In my last post on Twitter, I argued that the firm’s claim that it actually made money in the last quarter of 2013 was fiction. That may sound like an exaggeration, since the company is transparent about the adjustments that it made to get to its adjusted numbers and the practice it uses is widespread not just among companies, trying to better a better face on their operating results but also among analysts who track these companies. In particular, the biggest factor in the earnings transformation was the company’s treatment of stock-based employee compensation, which was added back to arrive at the adjusted earnings.

From GAAP Earnings to Adjusted Earnings: The Twitter Adjustments
To get from their reported losses to profits and from reported EBITDA to Adjusted EBITDA, Twitter made the following adjustments:

Twitter’s adjustments shifted a fairly substantial loss exceeding half a billion into both net profits ($9.774 million) and positive EBITDA ($44,745) in the fourth quarter.

The dominant add-back in both adjustments is the stock-based compensation of $521.2 million and while it may be sanctioned by accountants, I am struggling with the logic of why. Attempting to give Twitter, the benefit of the doubt, the rationale for adding back the expense to get to adjusted EBITDA is that it a non-cash expense (though I will take issue with that claim later in this post), but that cannot be the rationale for adding it back to get to net profit, since net profit is an accounting earnings number, not a cash flow. One possible explanation that can be offered (and it is a real stretch) is that Twitter views stock-based compensation as an extraordinary expense that will not recur in future years and that the adjusted net income should therefore be viewed as a measure of continuing income.  I will believe this explanation, if I see Twitter stop using stock-based compensation, but I don’t see how they can afford to. They have a lot of employees, some of whom are highly paid, and they cannot afford to pay them cash. The other explanation is that the adjusted net income is being divided by the fully diluted number of shares outstanding, which includes the shares that are being offered as compensation. This “consistency” argument is used by many analysts, and while it may offer the fig leaf of matching , it is an extremely sloppy way of dealing with stock-based compensation.
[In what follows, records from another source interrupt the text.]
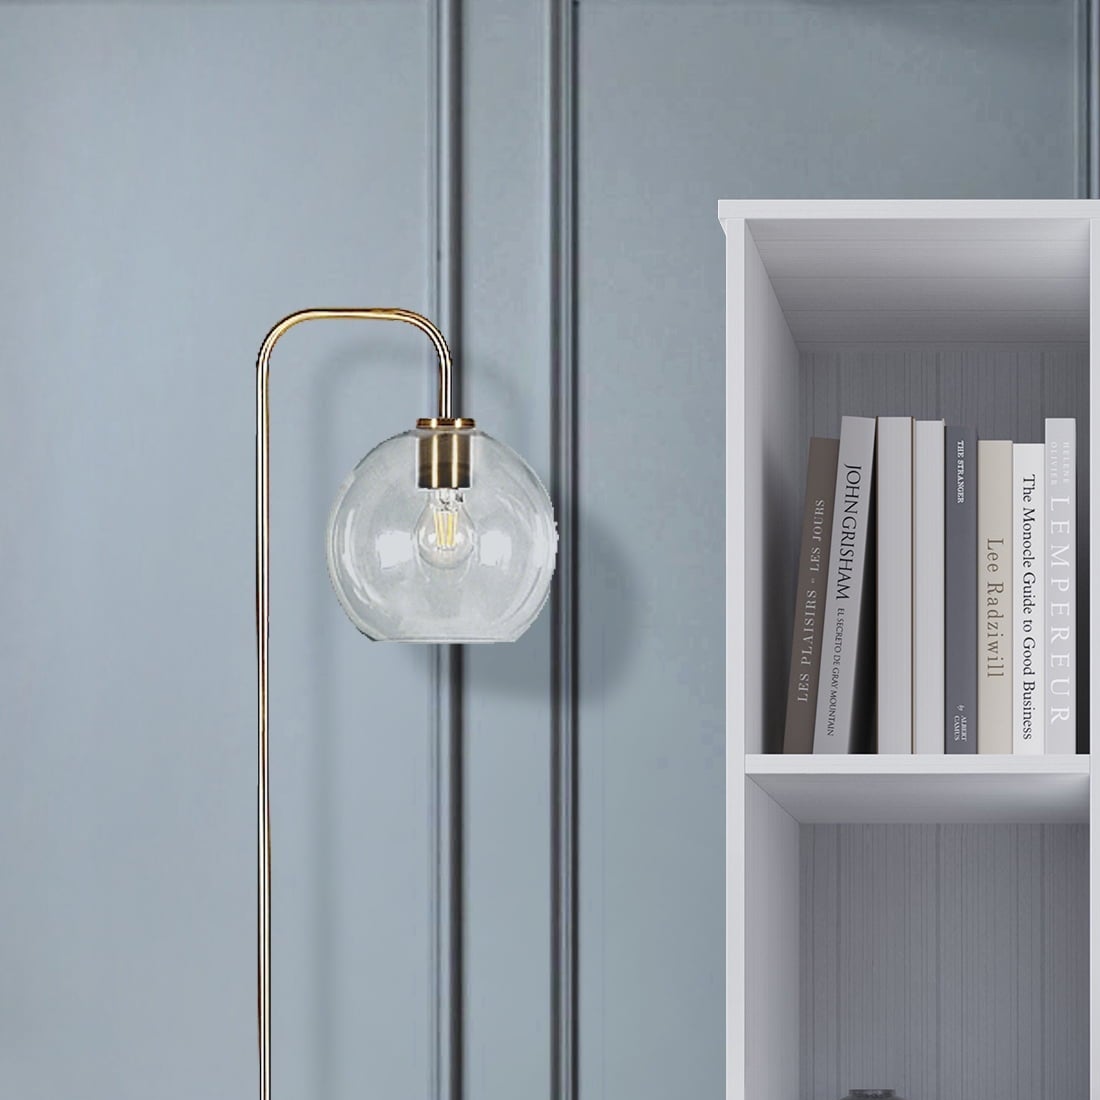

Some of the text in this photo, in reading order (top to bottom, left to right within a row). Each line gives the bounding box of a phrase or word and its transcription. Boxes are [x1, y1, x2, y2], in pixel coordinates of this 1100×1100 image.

[957, 440, 965, 504] THE STRANGER
[809, 499, 825, 572] LES JOURS
[797, 589, 817, 703] LES PLAISIRS
[987, 538, 1004, 678] Lee Radziwill
[1022, 473, 1036, 740] The Monocle Guide to Good Business
[826, 607, 845, 737] EL SECRETO DE GRAY MOUNTAIN
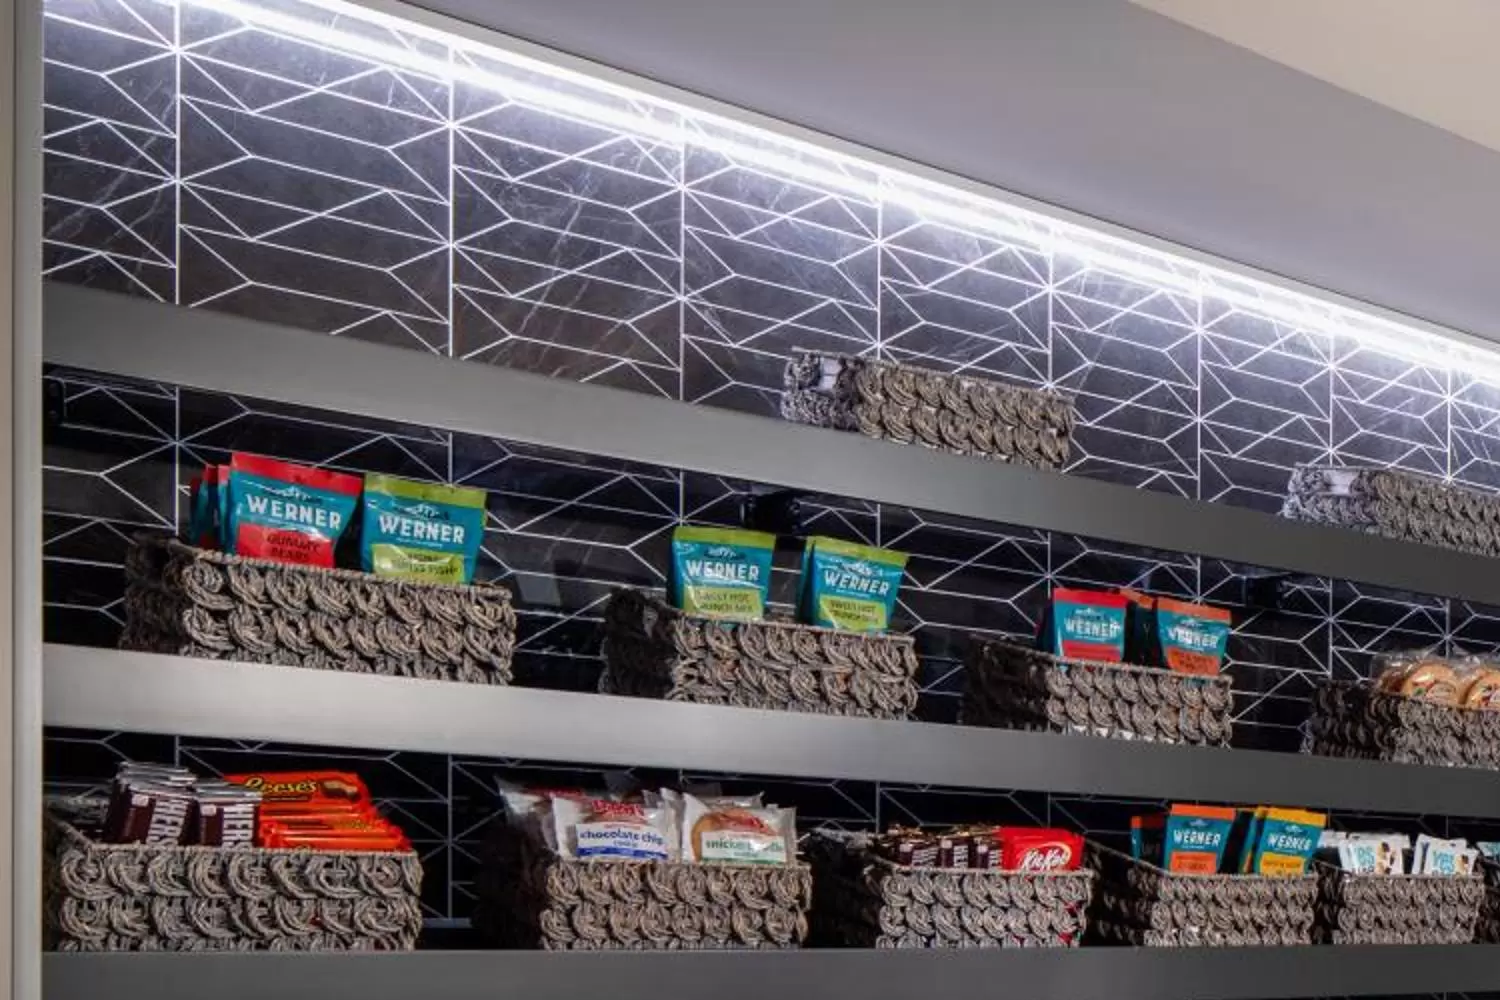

Stock-based Employee Compensation: A long & tortured road

To understand where we are with stock-based compensation, let’s start with a quick review of its history. While businesses with cash flow problems have always used equity based compensation to attract employees, there was a quantum leap in the use of stock-based compensation by publicly traded companies in the 1990s, driven partly by bad legislation (limiting executive compensation), partly by the entry of young, technology firms into the public market place and partly by bad accounting practices.
In particular, accounting rules allowed companies to grant options to employees and show no cost, at the time of the grant, if the options were at the money. Not surprisingly, companies treated as options as free currency and gave away large slices of equity in themselves to employees (and, in particular, to the very top employees), while claiming to be spending no money. If and when the options were exercised later, companies would report a large expense (reflecting the difference between the stock price at the time of the exercise and the exercise price) and show that expense either as an extraordinary expense in the income statement or adjust the book value of equity for it.
After a decade of fighting to preserve this illogical status quo, the accounting rule makers finally came to their senses in 2006 and changed the rules on accounting for option grants. Companies were required to value options, as options, at the time of the grant and expense them at the time (with the standard accounting practice of amortizing or smoothing out softening the blow). This is the law that is triggering the large stock-based employee option expenses at Twitter and other companies like it, that continue to compensate employees with equity. It is worth noting that the change in the accounting law has also resulted in many companies moving away from options to restricted stock (with restrictions on trading for a few years after the grant), since there is no earnings benefit associated with the use of options any more.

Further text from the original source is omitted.